The handling of HTTP and SMTP protocols for cloud to premise connectivity is significantly different. Connectivity service offers native HTTP proxy for handling HTTP traffic, and SOCKS5 proxy for handling any TCP based traffic on the level of TCP (this may include HTTP as well). Therefore, any mixture of settings on the client library would eventually result in errors.

Regarding the 10 seconds issue, kindly inspect if the Cloud Connector is configured with Location ID, and if so, then the client should pass that as part of the SOCKS5 handshake as otherwise it may happen that the client request a connection to one Cloud Connector instance, while the one actually connected to the subaccount is with different settings, practically meaning a different instance.

FYI, all those complex issues with proxying are resolved if one is using the Transparent Proxy software component, as it would do the needful, and it's coming from the BTP Connectivity product: https://blogs.sap.com/2022/11/29/transparent-consumption-of-connectivity/

Regards,
Manol

martin-kl
Explorer

Hi manolvalchev,

thanks for your response. I will check the Cloud Connector but as far as I know that is our only CC installation and it is configured without such an ID.

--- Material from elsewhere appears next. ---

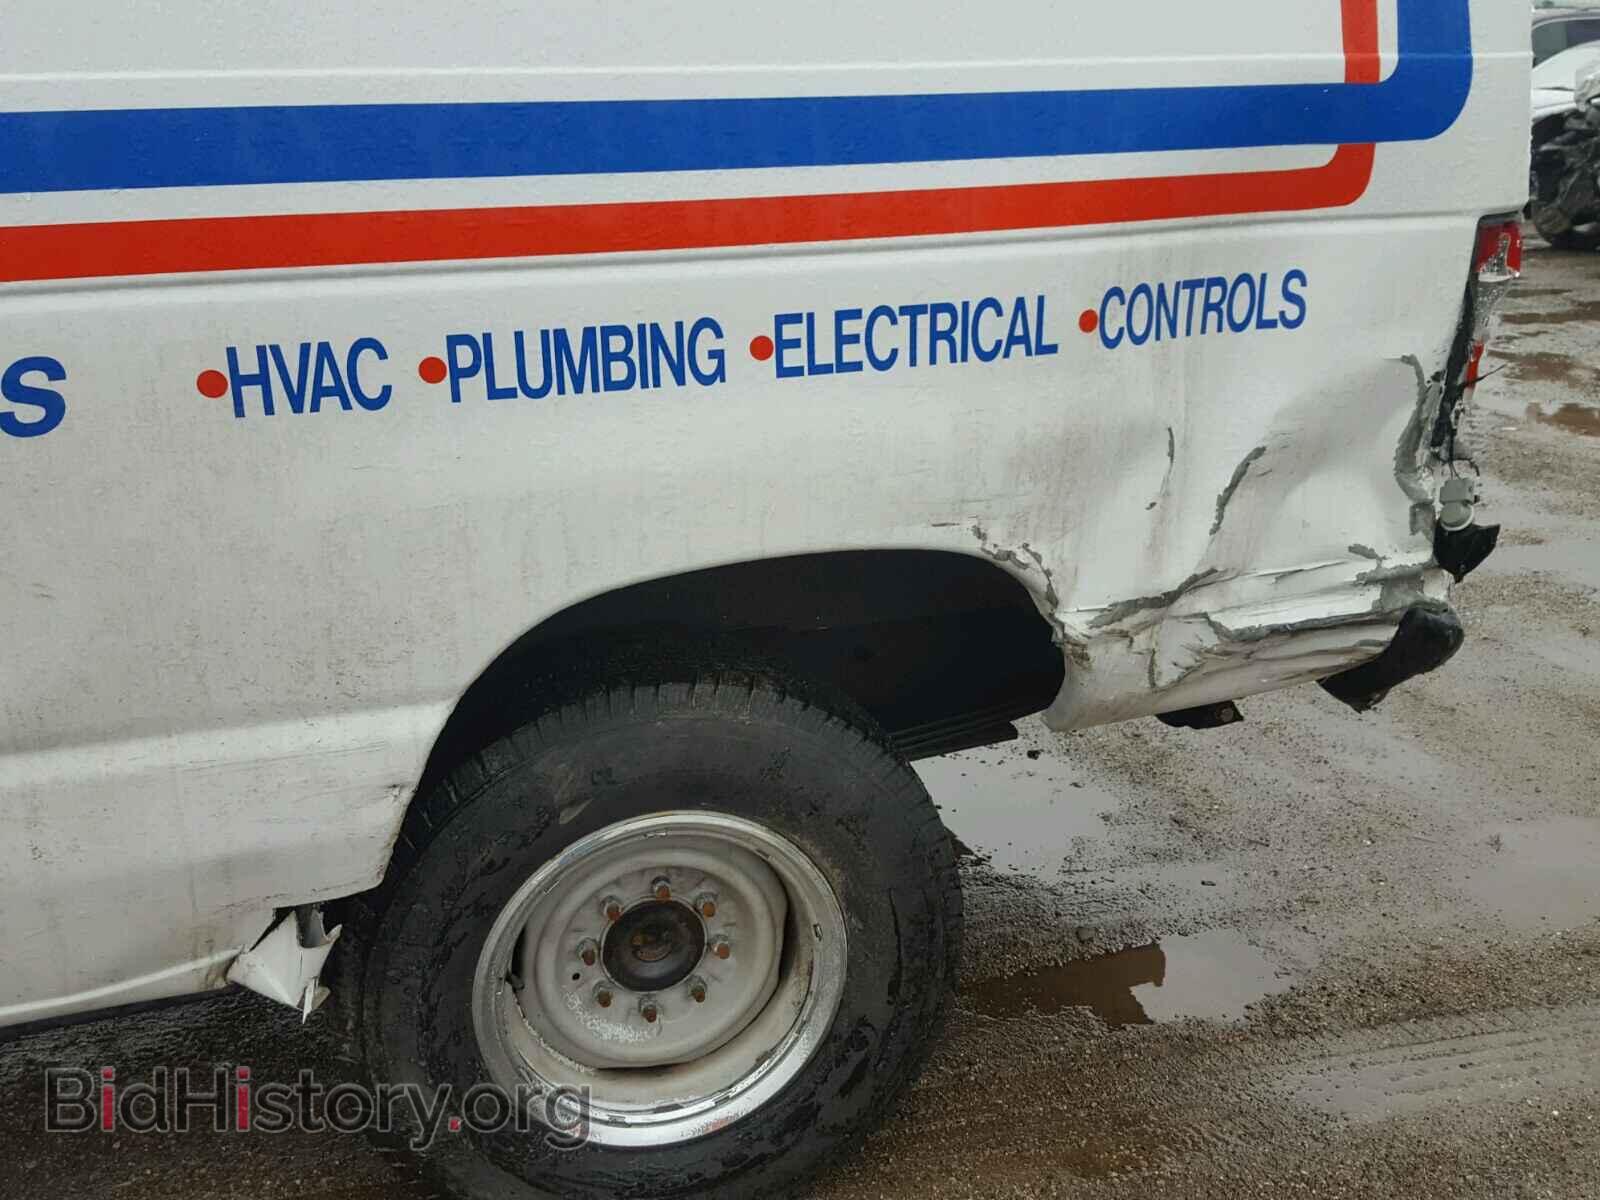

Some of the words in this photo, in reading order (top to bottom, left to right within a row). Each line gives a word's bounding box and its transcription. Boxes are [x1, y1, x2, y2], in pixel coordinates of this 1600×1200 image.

And about the Transparent Proxy software: that seems quite helpful in a Kyma environment. Since we are developing solely for Cloud Foundry it is my understanding that we don't need the component and Cloud SDK handles the destination retrieval and SOCKS5 proxy on its own, correct?

Best
Martin

ManolV
Advisor
Advisor
0 Kudos

Hi Martin,

If the client and SCC are both configured with same Location ID, then the issue should be somewhere else. You can try using with same setup an HTTP client to pass some dummy traffic for the sake of testing and validating the general setup is working fine. Then get back to the SMTP use case. Inspect the error on the mail client side in deep details to ensure it's not a problem with the client. If needed, consider reporting a support ticket for getting further support.

Correct, Transparent Proxy runs only on Kubernetes environment, incl. Kyma.